▸ Exercise objective: Omit the pictures and output every entry below exactly as written.

▸ Source material:
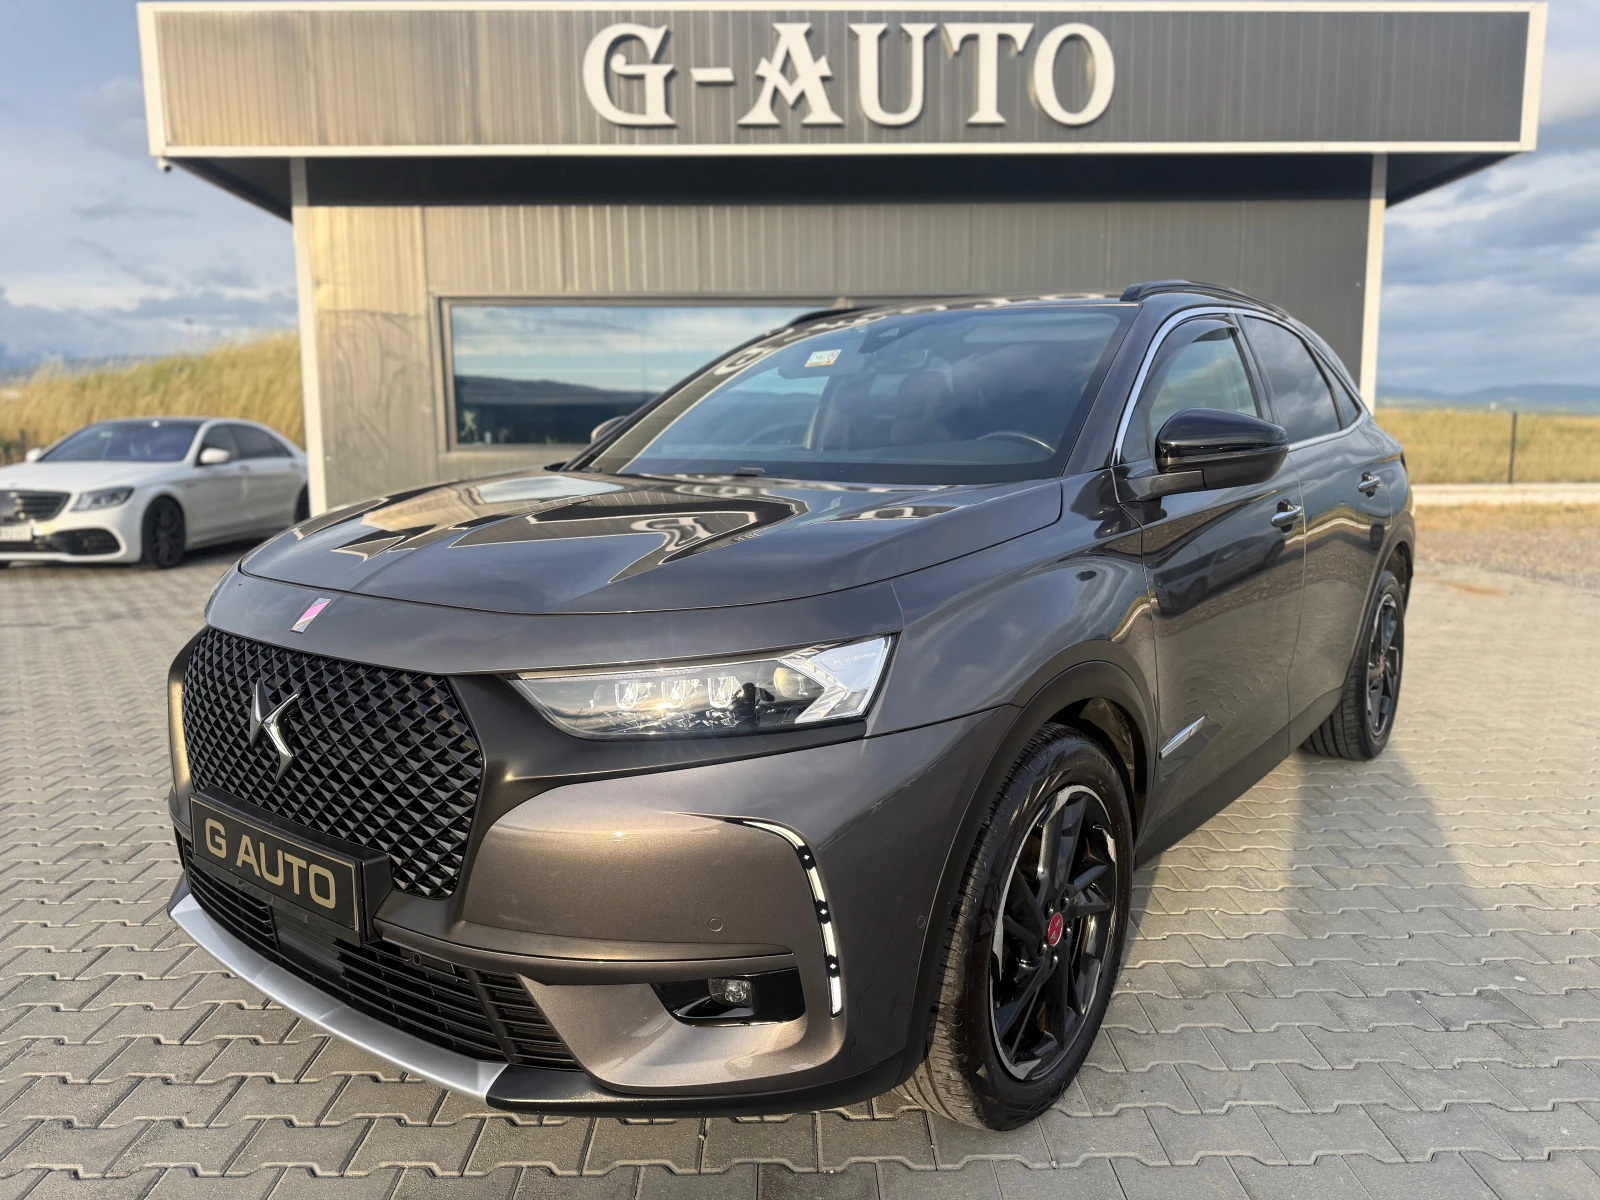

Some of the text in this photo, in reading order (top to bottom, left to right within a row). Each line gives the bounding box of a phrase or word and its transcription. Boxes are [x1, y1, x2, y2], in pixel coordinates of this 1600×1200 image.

[582, 22, 1116, 128] G-AUTO
[205, 818, 336, 909] G AUTO
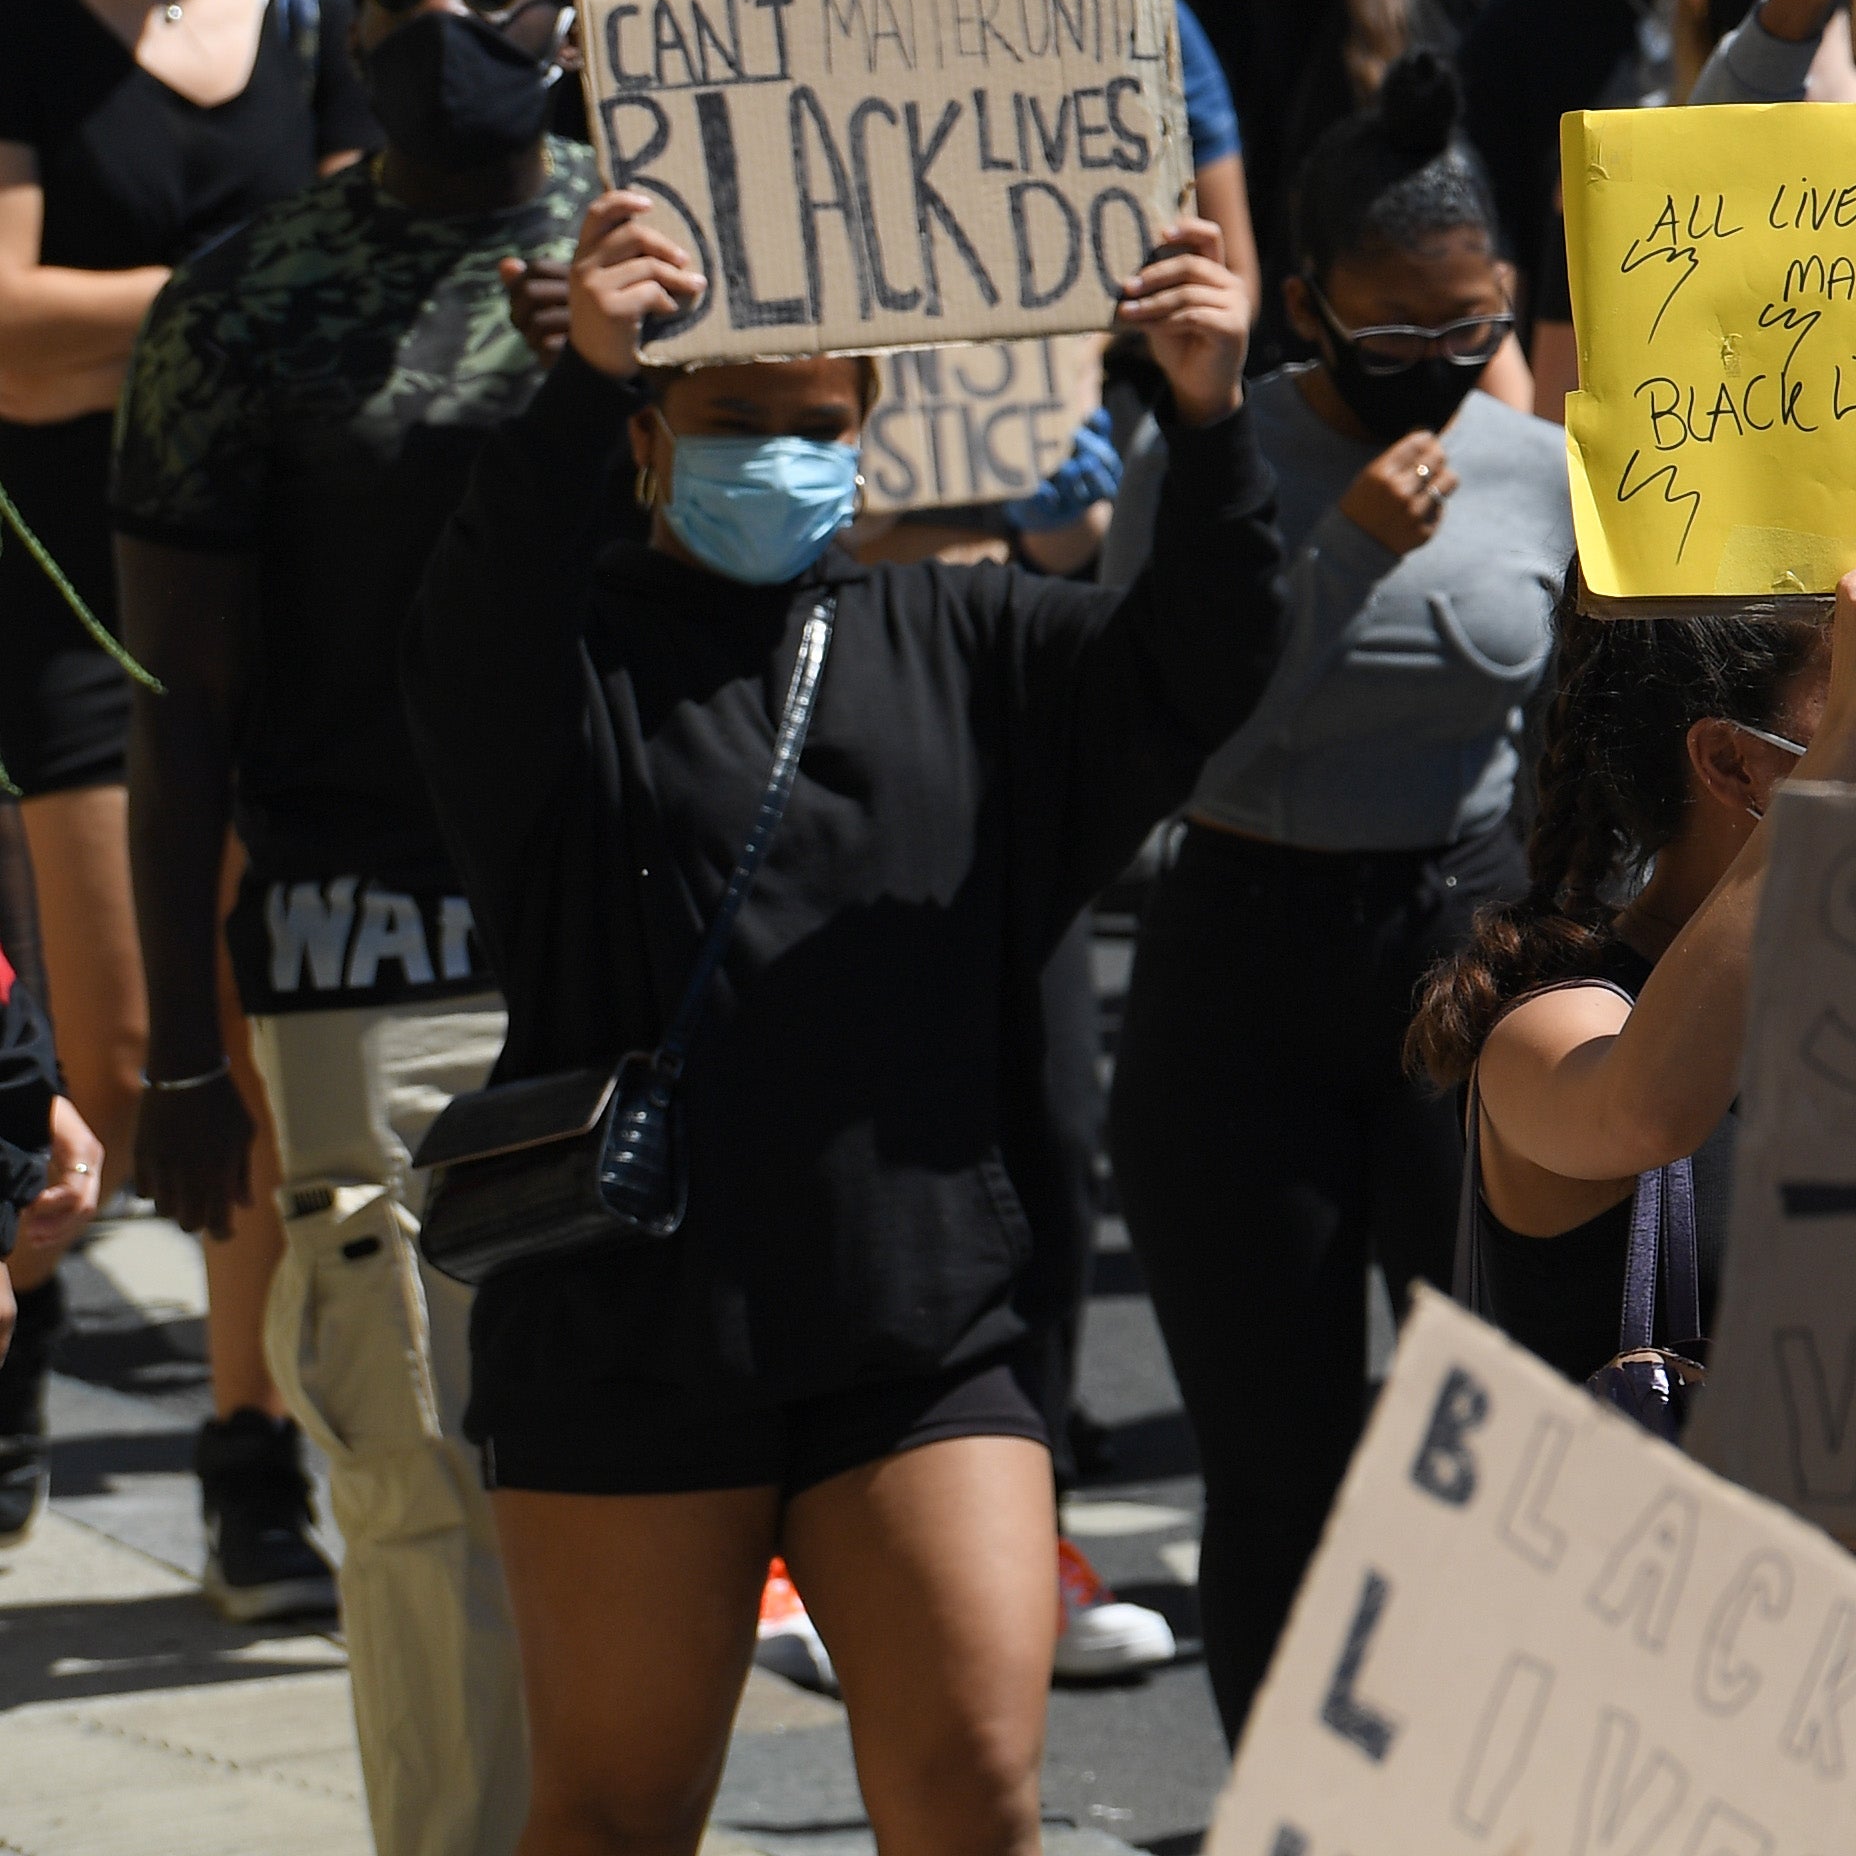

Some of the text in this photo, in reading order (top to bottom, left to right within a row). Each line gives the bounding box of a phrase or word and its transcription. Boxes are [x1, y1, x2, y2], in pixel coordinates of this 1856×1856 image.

[600, 76, 1152, 343] BLACK LIVES
[1009, 178, 1152, 312] DO
[1645, 192, 1744, 246] ALL
[1634, 369, 1820, 453] BLACK
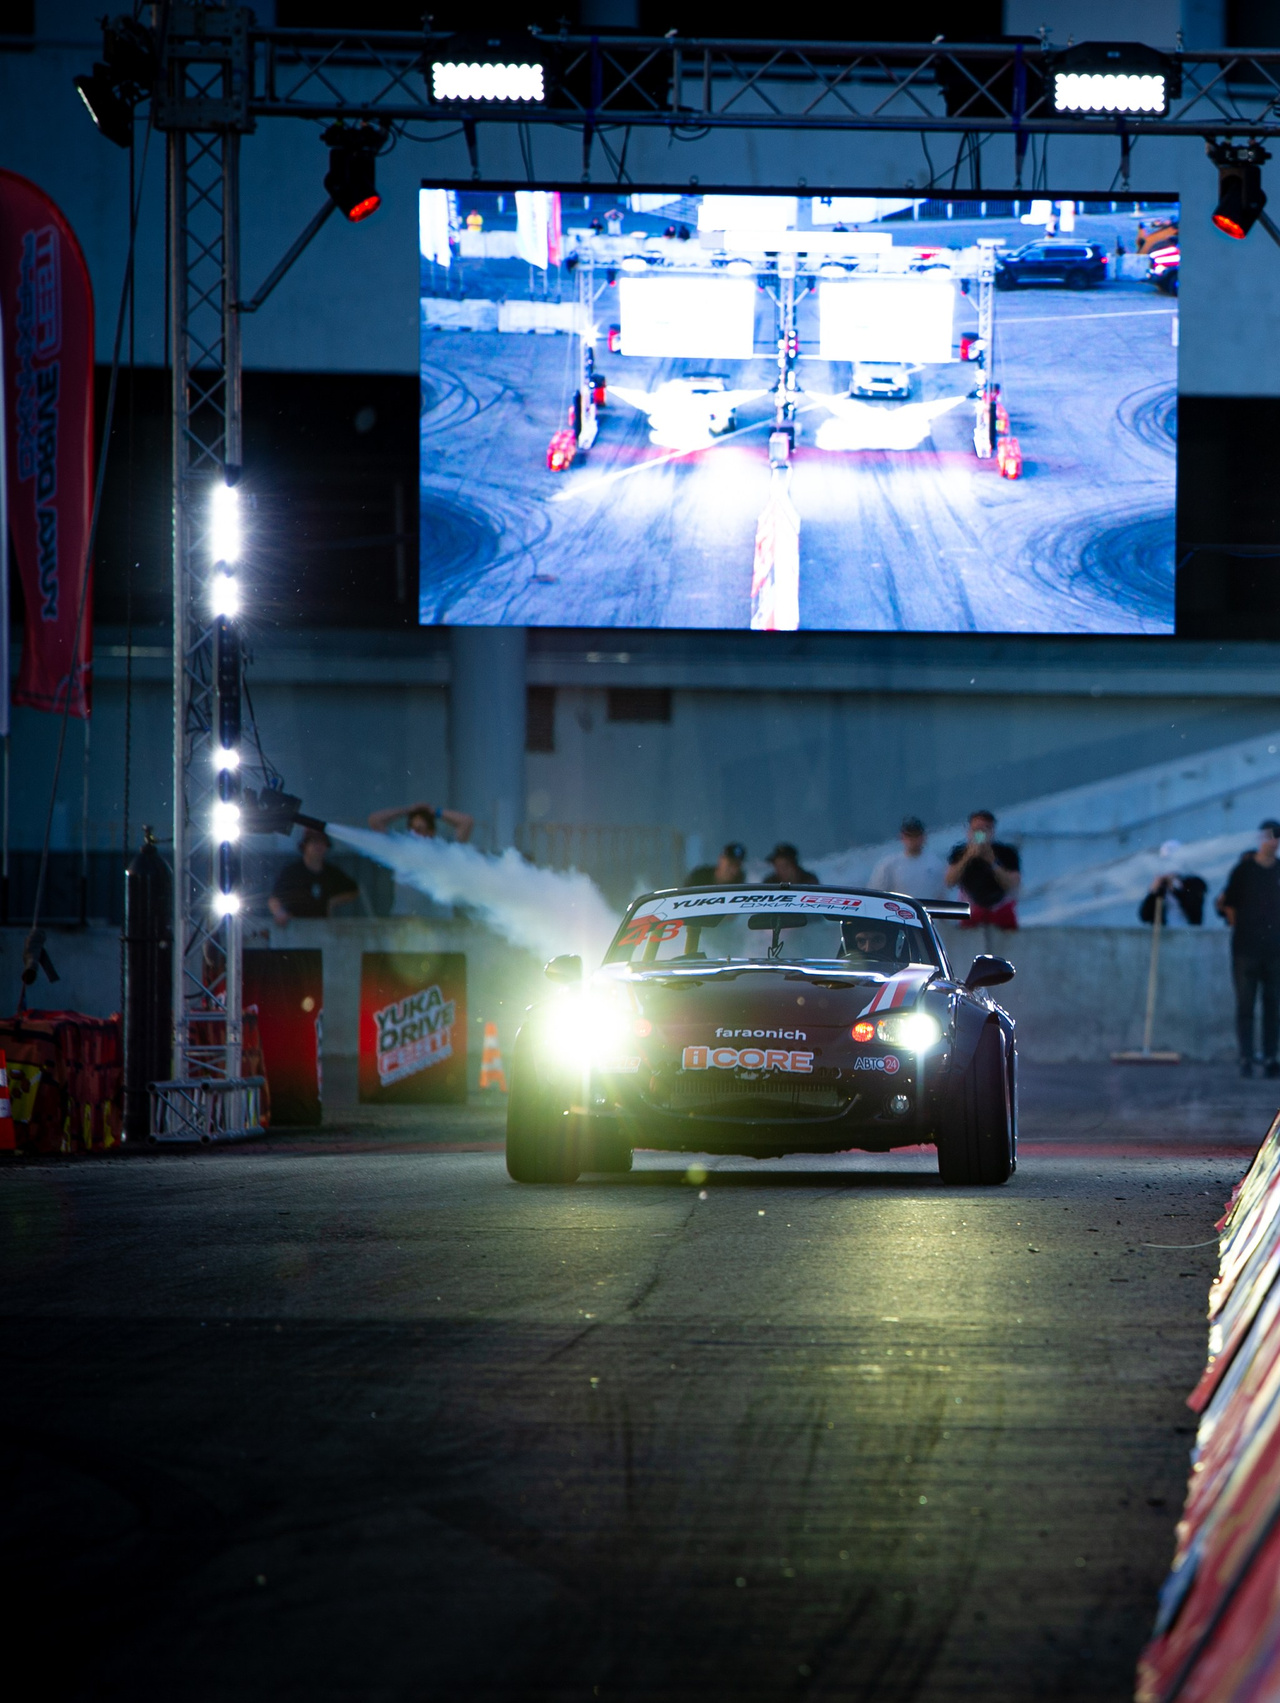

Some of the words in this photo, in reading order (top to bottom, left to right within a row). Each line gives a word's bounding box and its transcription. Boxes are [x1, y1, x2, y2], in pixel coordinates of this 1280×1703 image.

[673, 896, 726, 910] YUKA
[728, 894, 797, 904] DRIVE
[803, 895, 862, 906] FEST
[377, 989, 442, 1030] YUKA
[380, 1003, 454, 1052] DRIVE
[715, 1027, 807, 1041] faraonich
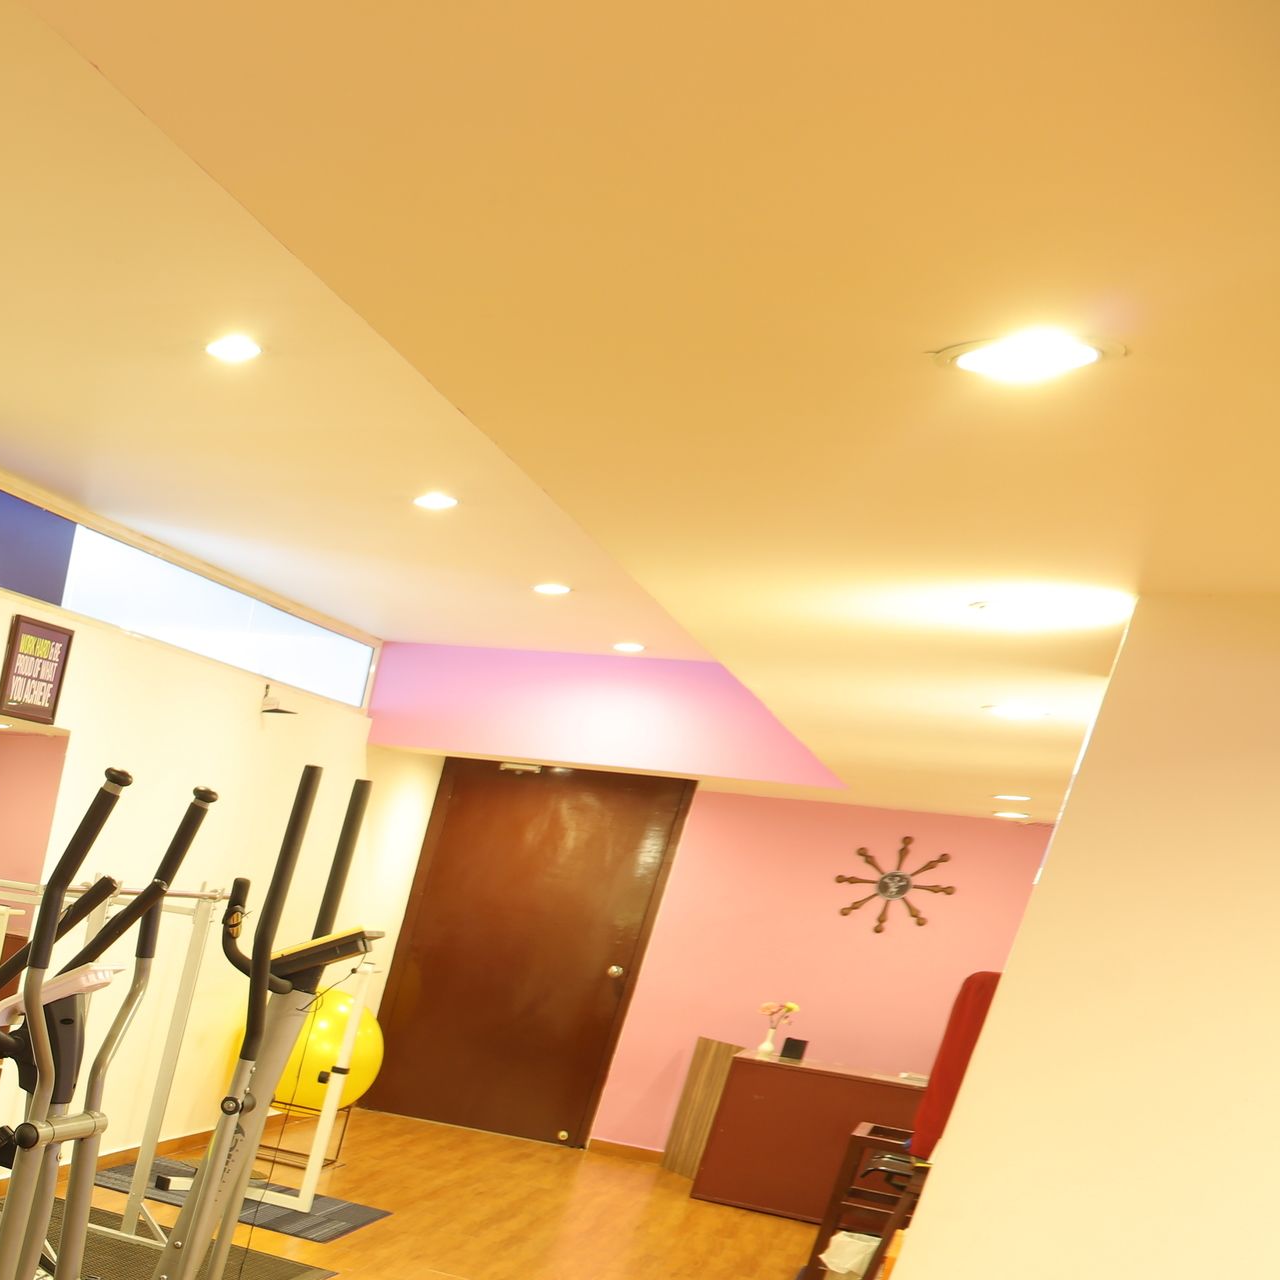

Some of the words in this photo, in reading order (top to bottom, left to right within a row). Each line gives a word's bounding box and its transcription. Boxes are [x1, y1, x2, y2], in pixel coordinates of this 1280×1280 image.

▸ Task result:
Some of the text in this photo, in reading order (top to bottom, left to right within a row). Each line gives the bounding box of a phrase or word and its transcription. Boxes are [x1, y1, x2, y2], in pixel coordinates of this 1600×1200 image.

[582, 22, 1116, 128] G-AUTO
[205, 818, 336, 909] G AUTO

Some of the text in this photo, in reading order (top to bottom, left to right within a row). Each line gives the bounding box of a phrase or word and its transcription. Boxes are [x1, y1, x2, y2], in pixel coordinates of this 1856×1856 image.

[600, 76, 1152, 343] BLACK LIVES
[1009, 178, 1152, 312] DO
[1645, 192, 1744, 246] ALL
[1634, 369, 1820, 453] BLACK

Some of the words in this photo, in reading order (top to bottom, left to right within a row). Each line gives a word's bounding box and its transcription. Boxes are [x1, y1, x2, y2], in pixel coordinates of this 1280×1703 image.

[673, 896, 726, 910] YUKA
[728, 894, 797, 904] DRIVE
[803, 895, 862, 906] FEST
[377, 989, 442, 1030] YUKA
[380, 1003, 454, 1052] DRIVE
[715, 1027, 807, 1041] faraonich

Some of the words in this photo, in reading order (top to bottom, left to right within a row). Each line gives a word's bounding box and its transcription. Boxes are [x1, y1, x2, y2], in pixel coordinates of this 1280×1280 image.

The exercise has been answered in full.